INSTRUCTIONS FOR THE TASK = Leave out the pictures and repeat the data exactly.

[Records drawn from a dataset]
BEGIN
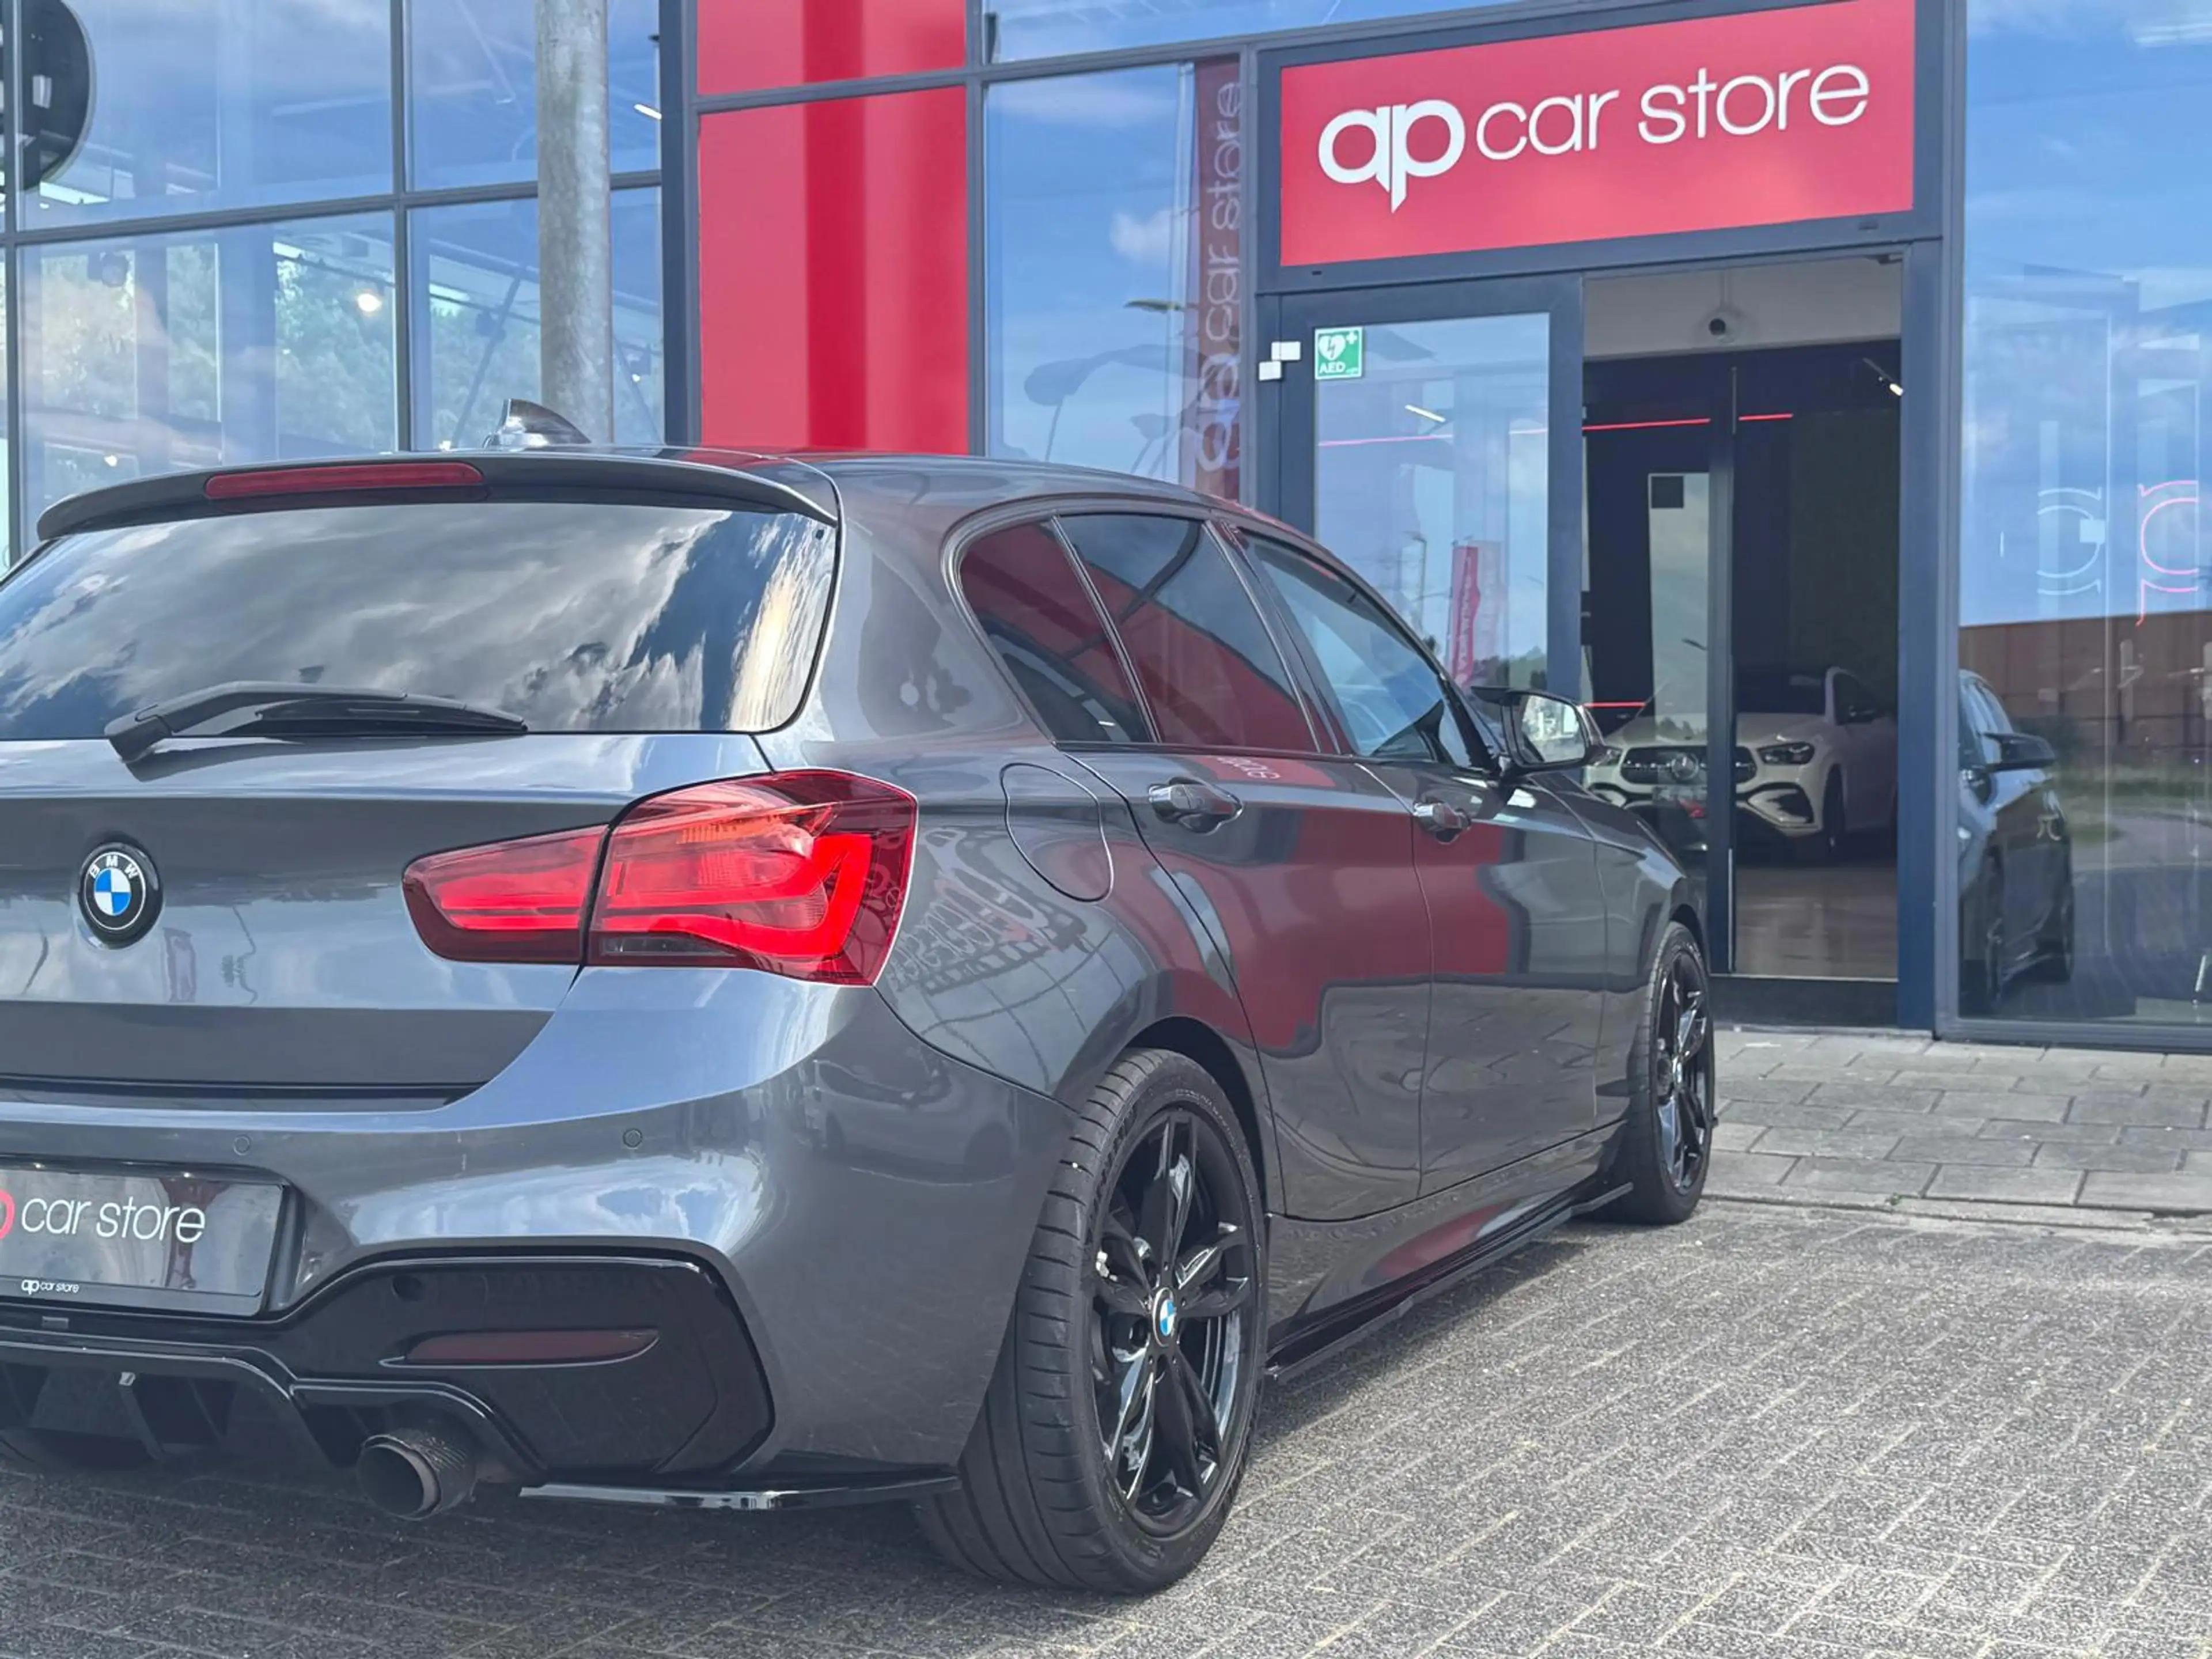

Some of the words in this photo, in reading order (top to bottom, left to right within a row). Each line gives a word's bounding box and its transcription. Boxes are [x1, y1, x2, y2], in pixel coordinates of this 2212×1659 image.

[1207, 82, 1240, 230] store
[1317, 99, 1466, 213] ap
[1476, 89, 1620, 161] car
[1638, 63, 1870, 144] store
[1319, 361, 1346, 374] AED
[89, 855, 139, 880] BMW
[21, 1197, 92, 1234] car
[96, 1195, 206, 1243] store
[21, 1279, 40, 1295] ap
[40, 1282, 56, 1291] car
[56, 1283, 79, 1294] store
END
THE ANSWER =
Some of the words in this photo, in reading order (top to bottom, left to right within a row). Each line gives a word's bounding box and its transcription. Boxes are [x1, y1, x2, y2], in pixel coordinates of this 2212×1659 image.

[1207, 82, 1240, 230] store
[1317, 99, 1466, 213] ap
[1476, 89, 1620, 161] car
[1638, 63, 1870, 144] store
[1319, 361, 1346, 374] AED
[89, 855, 139, 880] BMW
[21, 1197, 92, 1234] car
[96, 1195, 206, 1243] store
[21, 1279, 40, 1295] ap
[40, 1282, 56, 1291] car
[56, 1283, 79, 1294] store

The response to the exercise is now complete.